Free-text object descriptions
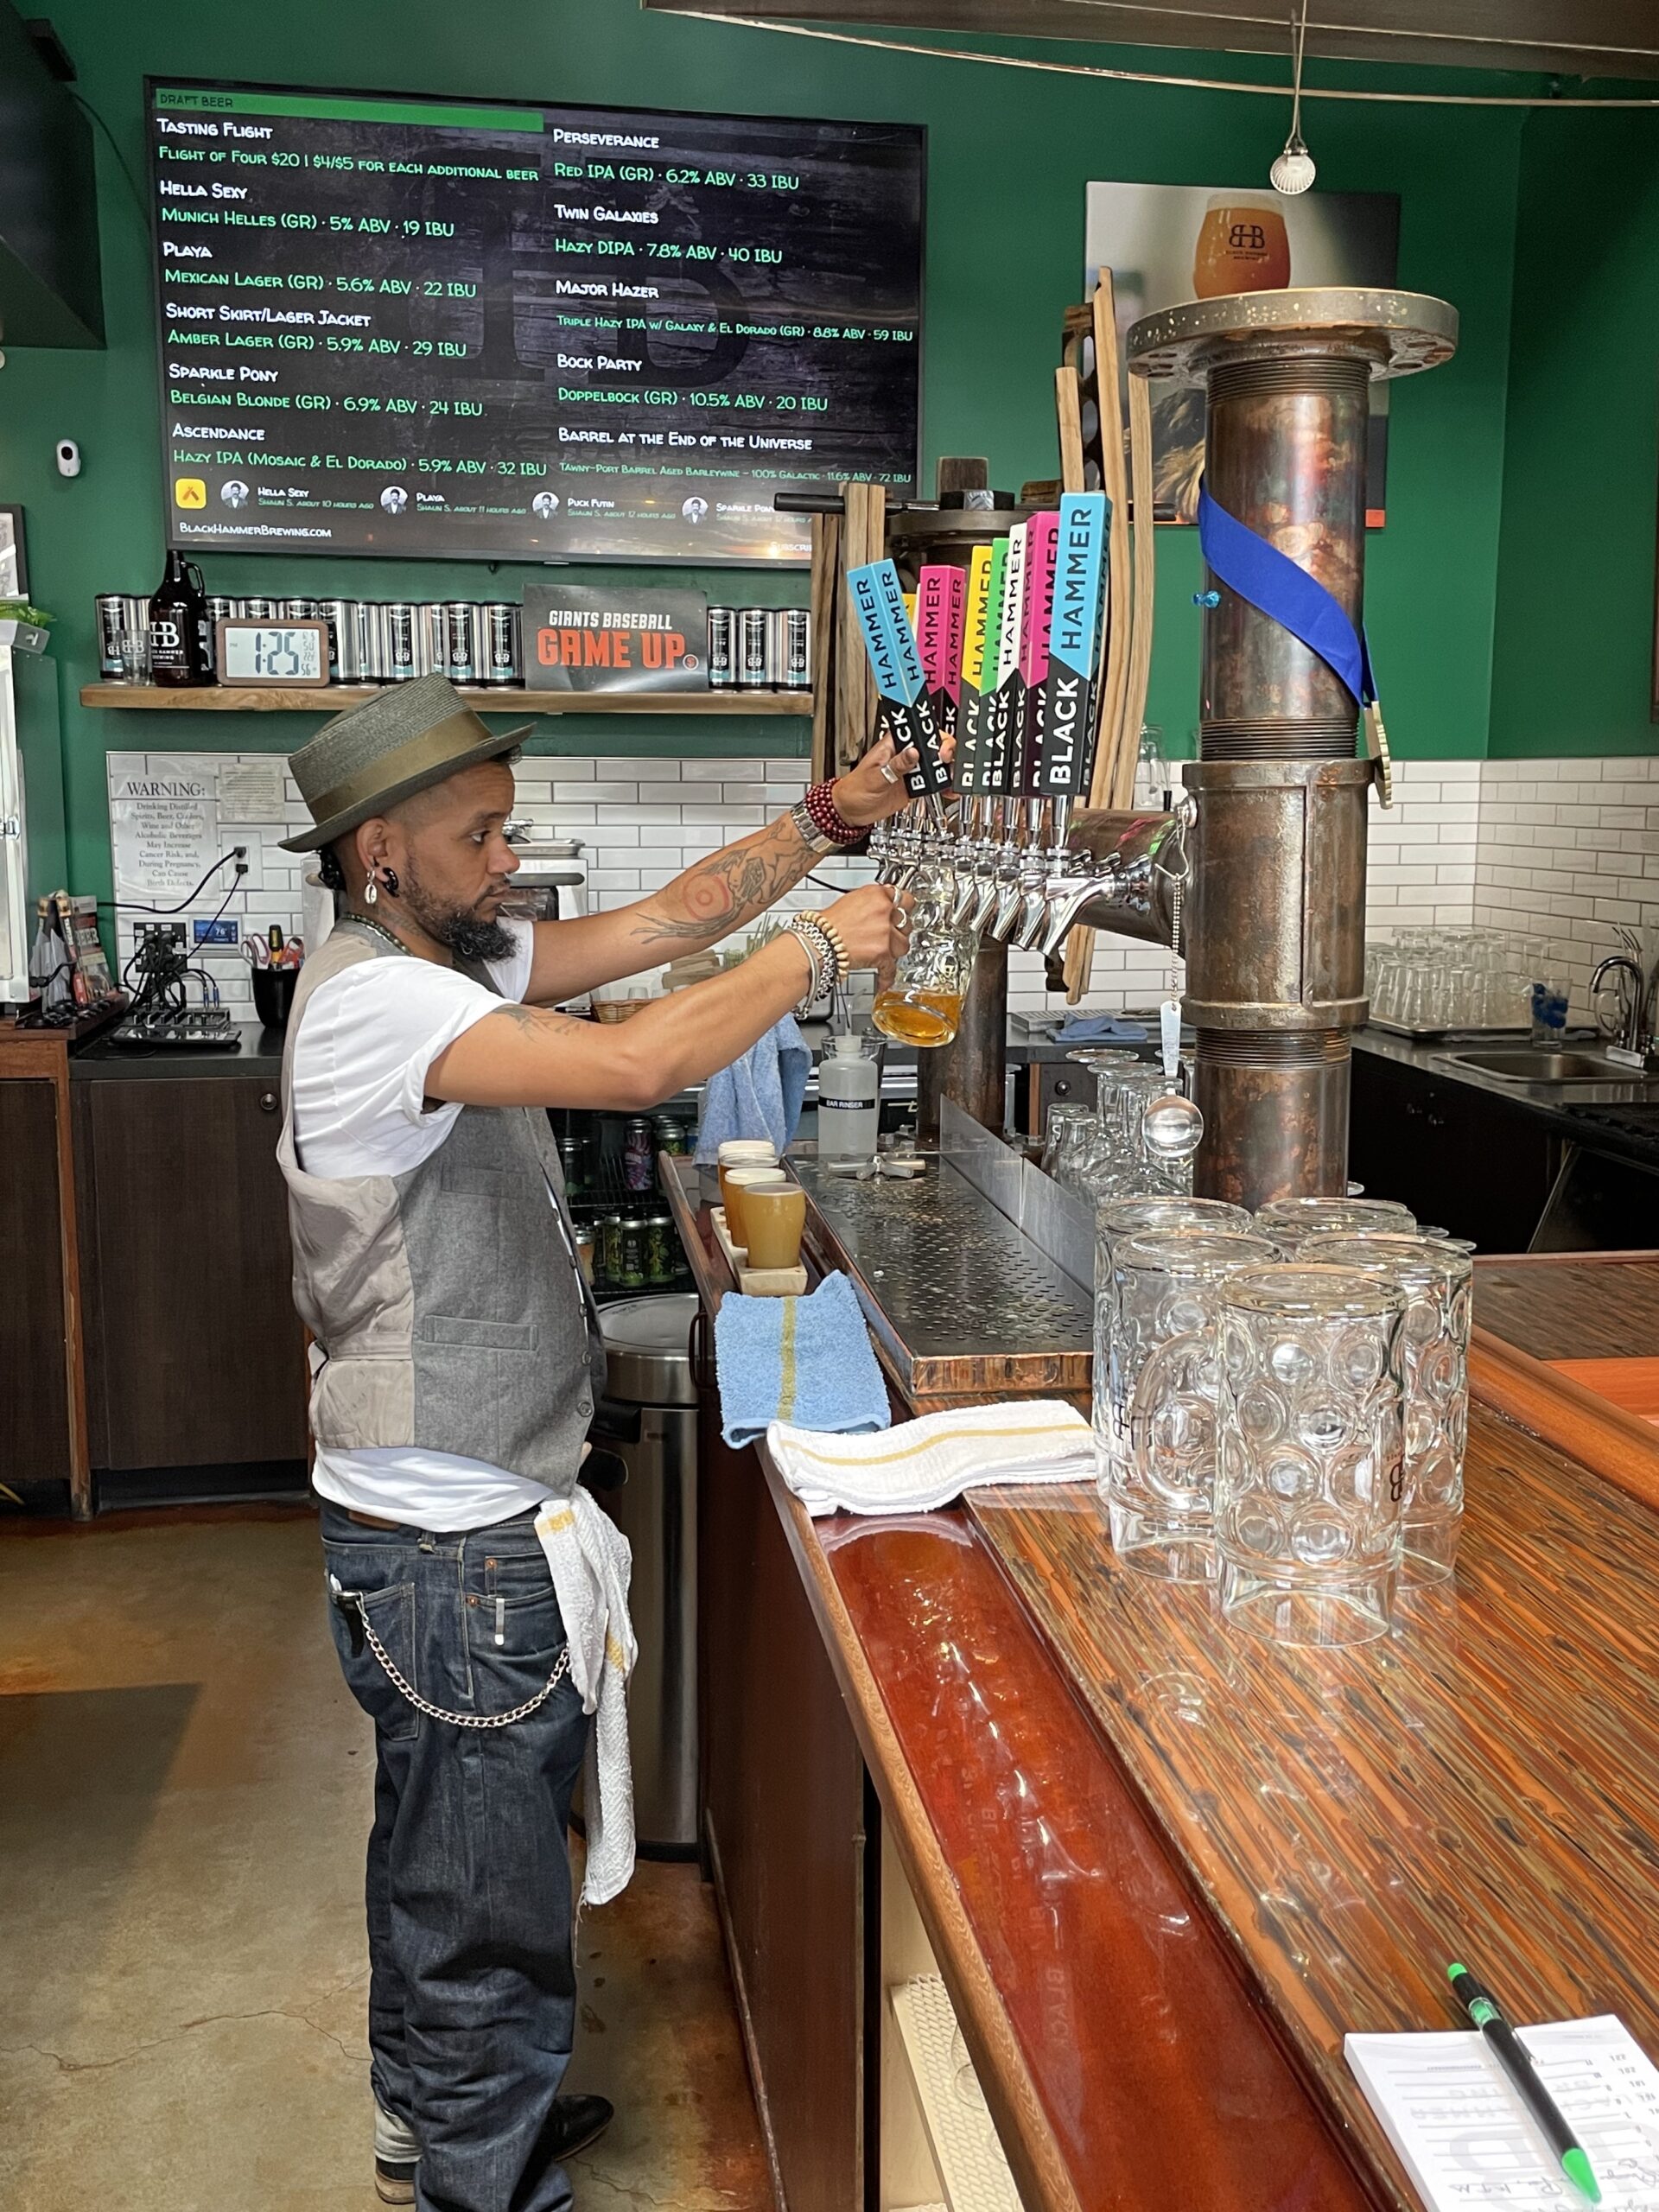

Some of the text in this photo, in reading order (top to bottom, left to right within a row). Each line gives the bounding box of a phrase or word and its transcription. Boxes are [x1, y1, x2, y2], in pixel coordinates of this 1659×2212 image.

[161, 94, 233, 109] DRAFT BEER
[156, 118, 273, 138] TASTING FLIGHT
[553, 129, 659, 148] PERSEVERANCE
[159, 145, 539, 181] FLIGHT OF FOUR $20 $4/$5 FOR EACH ADDITIONAL BEER
[554, 162, 798, 189] RED IPA (GR) 6.2% ABV 33 IBU
[160, 180, 248, 199] HELLA SEXY
[162, 207, 454, 237] MUNICH HELLES (GR) 5% ABV 19 IBU
[553, 204, 658, 224] TWIN GALAXIES
[162, 241, 213, 257] PLAYA
[555, 238, 782, 263] HAZY DIPA 7.8% ABV 40 IBU
[165, 269, 476, 297] MEXICAN LAGER (GR) 5.6% ABV 22 IBU
[556, 280, 659, 298] MAJOR HAZER
[166, 302, 372, 327] SHORT SKIRT/LAGER JACKET
[556, 315, 591, 327] TRIPLE
[594, 316, 623, 328] HAZY
[626, 318, 646, 329] IPA
[648, 320, 663, 330] W/
[664, 320, 704, 332] GALAXY
[719, 322, 733, 334] EL
[735, 323, 777, 335] DORADO
[779, 325, 804, 336] (GR)
[812, 327, 840, 338] 8.8%
[842, 328, 865, 339] ABV
[873, 329, 889, 340] 59
[892, 330, 912, 341] IBU
[168, 329, 467, 357] AMBER LAGER (GR) 5.9% ABV 29 IBU
[168, 363, 278, 382] SPARKLE PONY
[556, 353, 642, 371] BOCK PARTY
[170, 390, 482, 416] BELGIAN BLONDE (GR) 6.9% ABV 24 IBU
[557, 387, 828, 410] DOPPELBOCK (GR) 10.5% ABV 20 IBU
[172, 423, 264, 440] ASCENDANCE
[558, 427, 812, 450] BARREL AT THE END OF THE UNIVERSE
[174, 449, 546, 476] HAZY IPA (MOSAIC & EL DORADO) 5.9% ABV 32 IBU
[179, 522, 332, 537] BLACKHAMMERBREWING.COM
[549, 610, 672, 630] GIANTS BASEBALL
[881, 571, 919, 681] HAMMER
[925, 578, 940, 683] HAMMER
[949, 579, 961, 684] HAMMER
[856, 579, 897, 689] HAMMER
[1049, 508, 1092, 785] BLACK HAMMER
[256, 631, 299, 676] 1:25
[537, 628, 631, 668] GAME
[641, 632, 685, 669] UP
[1013, 531, 1033, 788] BLACK HAMMER
[992, 691, 1009, 786] BLACK
[1003, 539, 1021, 664] HAMMER
[126, 782, 206, 796] WARNING:

● **Brief**:
For the records above, count the lines that contain the word "LAGER" and give only that number.

● **Task response**:
3